## Task directions
Your job here is to restate every record exactly, pictures excluded.

(Dataset entries)
[Start of section]
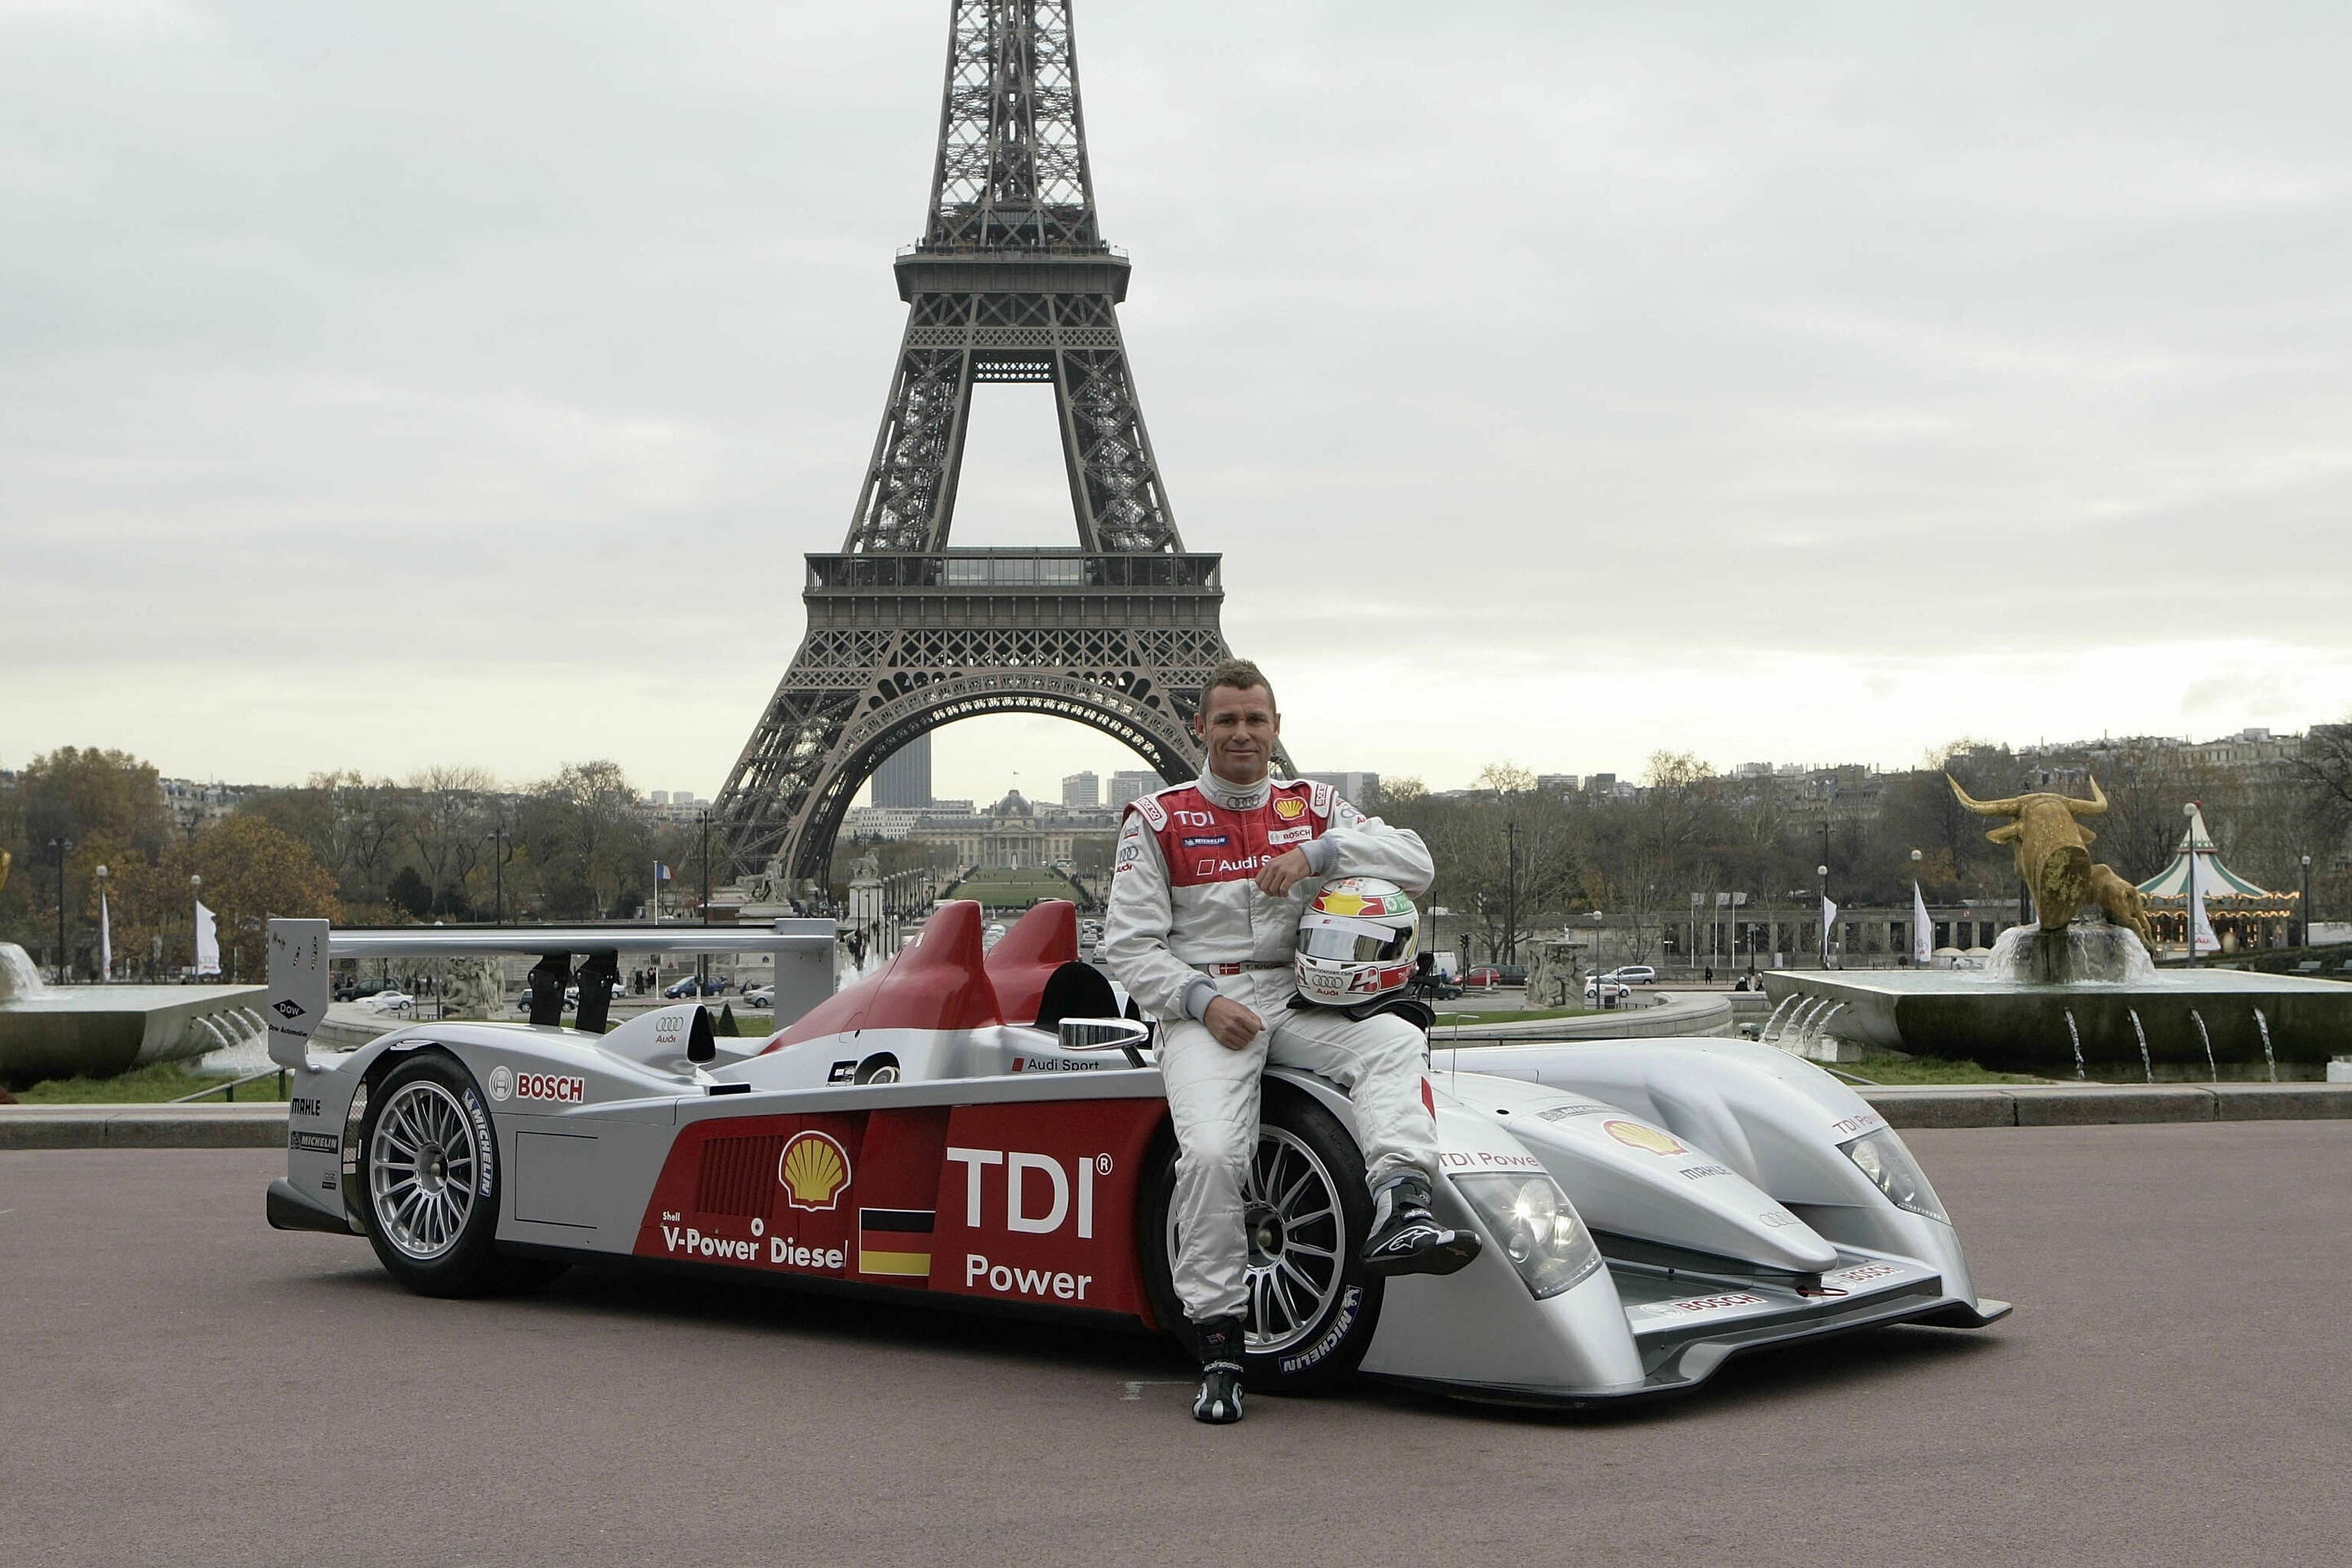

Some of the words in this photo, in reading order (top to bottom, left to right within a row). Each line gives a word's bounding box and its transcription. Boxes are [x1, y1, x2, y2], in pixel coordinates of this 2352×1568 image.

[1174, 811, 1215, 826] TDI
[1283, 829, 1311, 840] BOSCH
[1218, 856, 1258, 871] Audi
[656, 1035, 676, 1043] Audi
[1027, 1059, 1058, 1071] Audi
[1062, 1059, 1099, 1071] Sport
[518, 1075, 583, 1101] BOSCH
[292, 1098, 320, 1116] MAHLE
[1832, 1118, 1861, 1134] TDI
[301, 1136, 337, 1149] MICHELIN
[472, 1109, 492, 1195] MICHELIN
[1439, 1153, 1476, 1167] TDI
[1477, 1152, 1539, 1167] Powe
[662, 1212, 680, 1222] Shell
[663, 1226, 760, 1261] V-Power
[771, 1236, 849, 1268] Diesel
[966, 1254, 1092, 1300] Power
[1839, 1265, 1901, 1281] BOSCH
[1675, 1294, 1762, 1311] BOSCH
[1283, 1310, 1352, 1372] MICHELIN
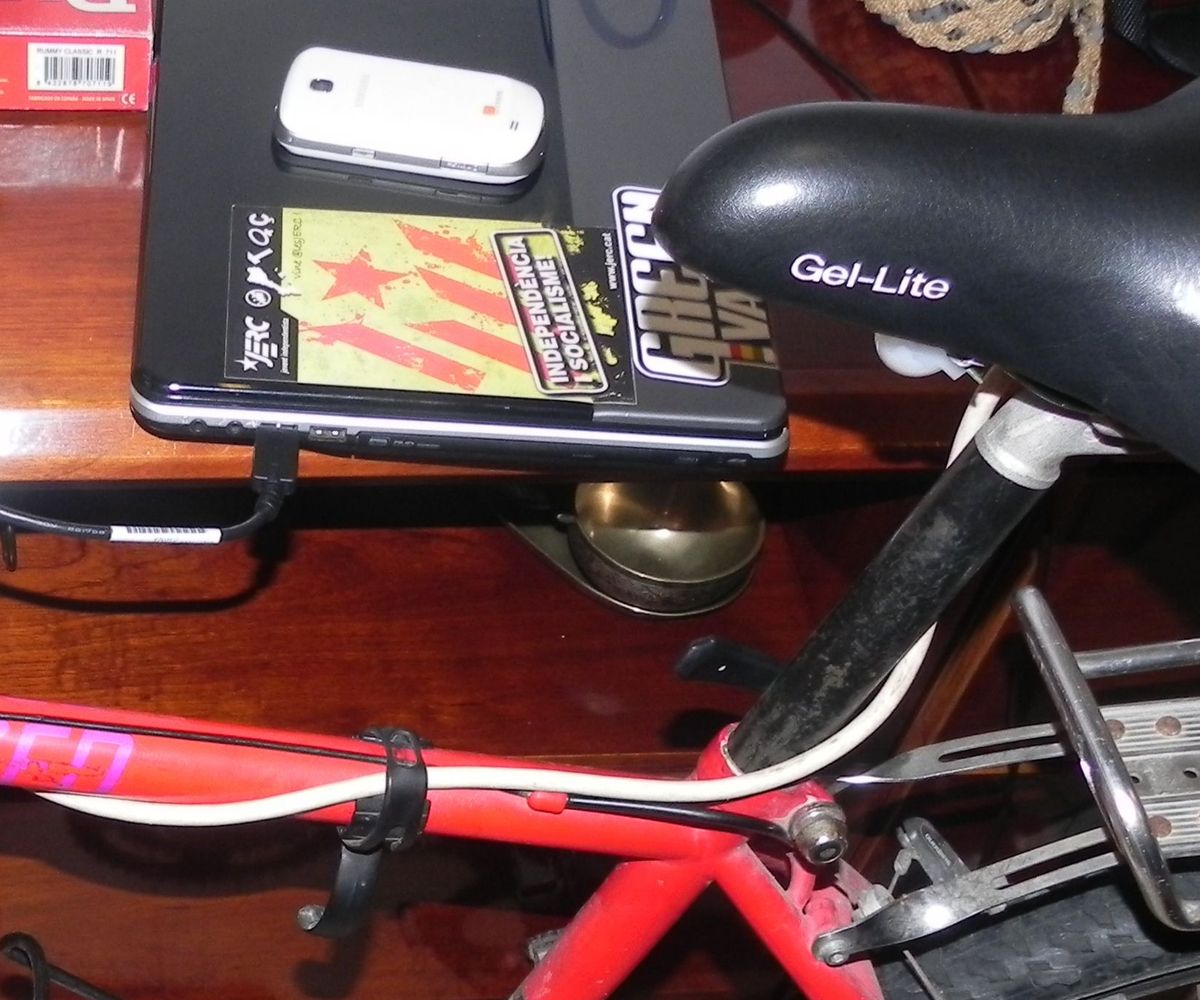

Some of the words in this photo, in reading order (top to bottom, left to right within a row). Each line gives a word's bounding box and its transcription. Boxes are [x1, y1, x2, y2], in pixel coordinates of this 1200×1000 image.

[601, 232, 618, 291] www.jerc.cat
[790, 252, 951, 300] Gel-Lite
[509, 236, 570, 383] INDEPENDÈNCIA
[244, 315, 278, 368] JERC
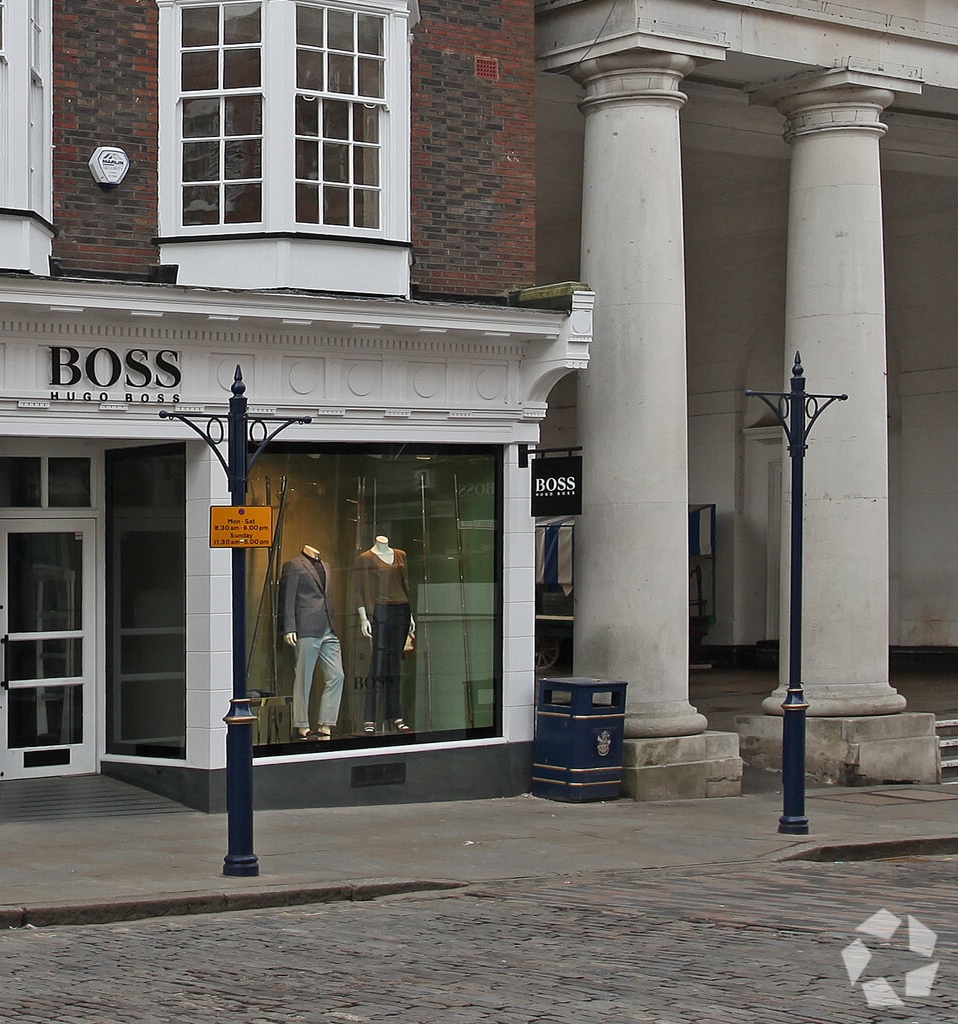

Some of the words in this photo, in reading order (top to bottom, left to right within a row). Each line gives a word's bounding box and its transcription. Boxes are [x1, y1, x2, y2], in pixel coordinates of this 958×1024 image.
[End of section]
## Solution
Some of the words in this photo, in reading order (top to bottom, left to right within a row). Each line gives a word's bounding box and its transcription. Boxes are [x1, y1, x2, y2], in pixel coordinates of this 2352×1568 image.

[1174, 811, 1215, 826] TDI
[1283, 829, 1311, 840] BOSCH
[1218, 856, 1258, 871] Audi
[656, 1035, 676, 1043] Audi
[1027, 1059, 1058, 1071] Audi
[1062, 1059, 1099, 1071] Sport
[518, 1075, 583, 1101] BOSCH
[292, 1098, 320, 1116] MAHLE
[1832, 1118, 1861, 1134] TDI
[301, 1136, 337, 1149] MICHELIN
[472, 1109, 492, 1195] MICHELIN
[1439, 1153, 1476, 1167] TDI
[1477, 1152, 1539, 1167] Powe
[662, 1212, 680, 1222] Shell
[663, 1226, 760, 1261] V-Power
[771, 1236, 849, 1268] Diesel
[966, 1254, 1092, 1300] Power
[1839, 1265, 1901, 1281] BOSCH
[1675, 1294, 1762, 1311] BOSCH
[1283, 1310, 1352, 1372] MICHELIN

Some of the words in this photo, in reading order (top to bottom, left to right within a row). Each line gives a word's bounding box and its transcription. Boxes are [x1, y1, x2, y2], in pixel coordinates of this 1200×1000 image.

[601, 232, 618, 291] www.jerc.cat
[790, 252, 951, 300] Gel-Lite
[509, 236, 570, 383] INDEPENDÈNCIA
[244, 315, 278, 368] JERC

Some of the words in this photo, in reading order (top to bottom, left to right within a row). Each line gives a word's bounding box and its transcription. Boxes are [x1, y1, x2, y2], in pixel coordinates of this 958×1024 image.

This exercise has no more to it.